Ahora bien, para comprender por qué hoy convivimos de forma cotidiana con tantas organizaciones en todos los ámbitos de la vida social, es necesario mirar atrás y repasar, brevemente, el proceso histórico que dio lugar al desarrollo de las organizaciones modernas. Para ello, retrocederemos en el tiempo y revisaremos cómo surgieron y fueron tomando forma.
4. Breve historia de las organizaciones modernas
Si bien las formas organizativas existen desde las primeras civilizaciones —como lo evidencian las grandes obras hidráulicas en Mesopotamia o las estrategias militares de la antigua Roma—, el auge de las organizaciones modernas se sitúa en un momento histórico clave: la Revolución Industrial. Este proceso marca el inicio de la organización formal del trabajo libre y ha sido ampliamente analizado por pensadores clásicos como Adam Smith, Karl Marx y Émile Durkheim, quienes señalaron el aumento de la división del trabajo y la especialización como características centrales del surgimiento de la modernidad.
En este contexto, Max Weber introdujo una mirada decisiva al describir estos cambios como parte de un proceso de racionalización “específico y peculiar de la civilización occidental” (Weber, 2003, p. 23). Racionalización significa, entonces, buscar la máxima eficiencia en los procesos productivos y administrativos mediante la división previa de tareas, la supervisión jerárquica y el establecimiento de reglas y regulaciones detalladas que guían las acciones y los procedimientos.
Esta lógica se materializó en el ámbito de la producción con la introducción de las máquinas, que redujeron la dependencia de los saberes de los artesanos y transformaron a los trabajadores industriales en un engranaje más del sistema productivo. Los ritmos y modos de trabajo pasaron a imponerse sobre las capacidades humanas, lo que dio forma a lo que Frederick Taylor (1856-1915) llamó la “dirección científica de la producción”. Posteriormente, Henry Ford (1863-1947) llevaría estos principios a su máxima expresión con la creación de la cadena de montaje del famoso modelo Ford T, que se convirtió en símbolo de la organización racional-capitalista del trabajo.

Línea de ensamblaje y montaje automotriz, propia del fordismo
Numerosas producciones audiovisuales han mostrado las implicancias de la organización racional-capitalista desde distintas miradas. Entre ellas, la película Tiempos modernos (1936), de Charles Chaplin, es sin dudas la que mejor refleja esta dinámica.

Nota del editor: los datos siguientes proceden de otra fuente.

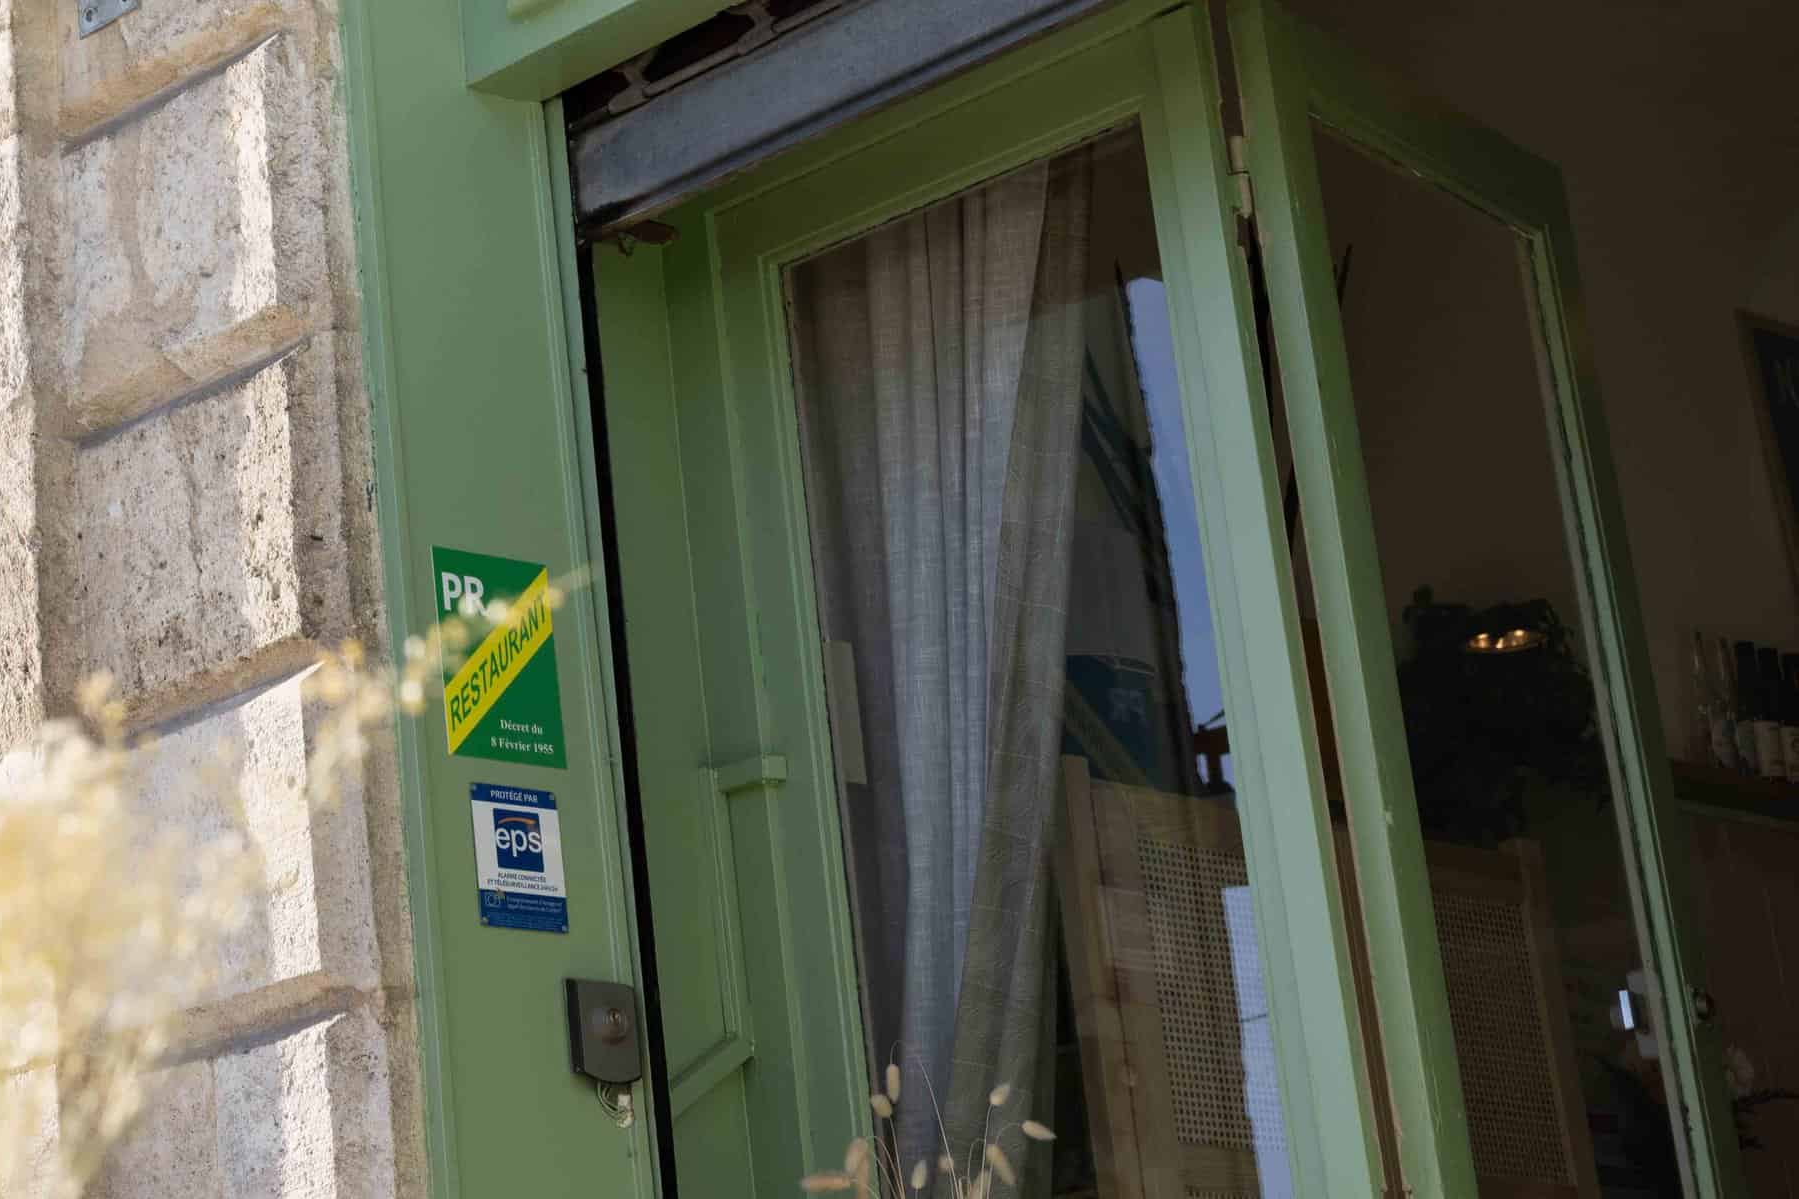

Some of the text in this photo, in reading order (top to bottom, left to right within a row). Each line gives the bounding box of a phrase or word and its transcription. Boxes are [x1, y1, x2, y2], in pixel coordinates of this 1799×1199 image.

[450, 591, 547, 732] RESTAURANT
[531, 723, 543, 736] du
[496, 828, 543, 857] eps

Imagen de la película Tiempos modernos (1936) que representa la lógica racional capitalista
De este modo, las transformaciones de la Revolución Industrial dieron lugar no solo a nuevas formas de organización del trabajo, sino también a la administración racional-burocrática, que marcaría profundamente tanto al ámbito estatal como al empresarial.
4.1. Perspectivas para el estudio de las organizaciones
Las transformaciones históricas que acompañaron el surgimiento de las organizaciones modernas impulsaron también el desarrollo de diversas formas de estudiarlas y comprenderlas. A partir de estos cambios, el estudio de las organizaciones adquirió cada vez más relevancia. Diversos autores contemporáneos —como William Richard Scott, Gareth Morgan y Michel Crozier— desarrollaron distintas perspectivas para comprender su funcionamiento y aportaron enfoques que abarcan desde el análisis estructural y funcional hasta las dinámicas del poder, la cultura organizacional y la interacción con el entorno.
Entre estas perspectivas, nos concentraremos en dos grandes maneras de abordar a las organizaciones: aquellas que ponen el foco en su funcionamiento interno y aquellas que analizan su relación con el entorno.
| Perspectiva | Metáfora | Características |
| Según su funcionamiento interno | Las organizaciones pueden ser vistas como “máquinas". | Estructuras jerárquicas, rígidas, orientadas a la eficiencia y el control. |
| Las organizaciones pueden ser vistas como “organismos”. | Sistemas vivos, adaptativos, donde prima la flexibilidad y la capacidad de responder a las necesidades internas. | |
| Según su relación con el entorno | Las organizaciones pueden describirse como “sistemas abiertos”. | Interactúan con el medio, responden a cambios sociales, económicos y culturales. |
| Las organizaciones pueden verse como “sistemas clausurados”. | Tienden al aislamiento, operan con relativa independencia del contexto externo. |
Estas dos perspectivas permiten revisar las distintas formas en que se han utilizado las organizaciones a lo largo del tiempo. Explorar cada una de ellas nos permitirá comprender tanto su dinámica interna como su modo de vincularse con el entorno.
4.2. La escuela como ejemplo de organización
Para comprender mejor estas perspectivas, resulta útil aplicarlas al análisis de una organización concreta. La escuela constituye un ejemplo especialmente significativo, ya que permite observar cómo las distintas formas de entender a las organizaciones se expresan en prácticas, estructuras y modos de vinculación con la comunidad.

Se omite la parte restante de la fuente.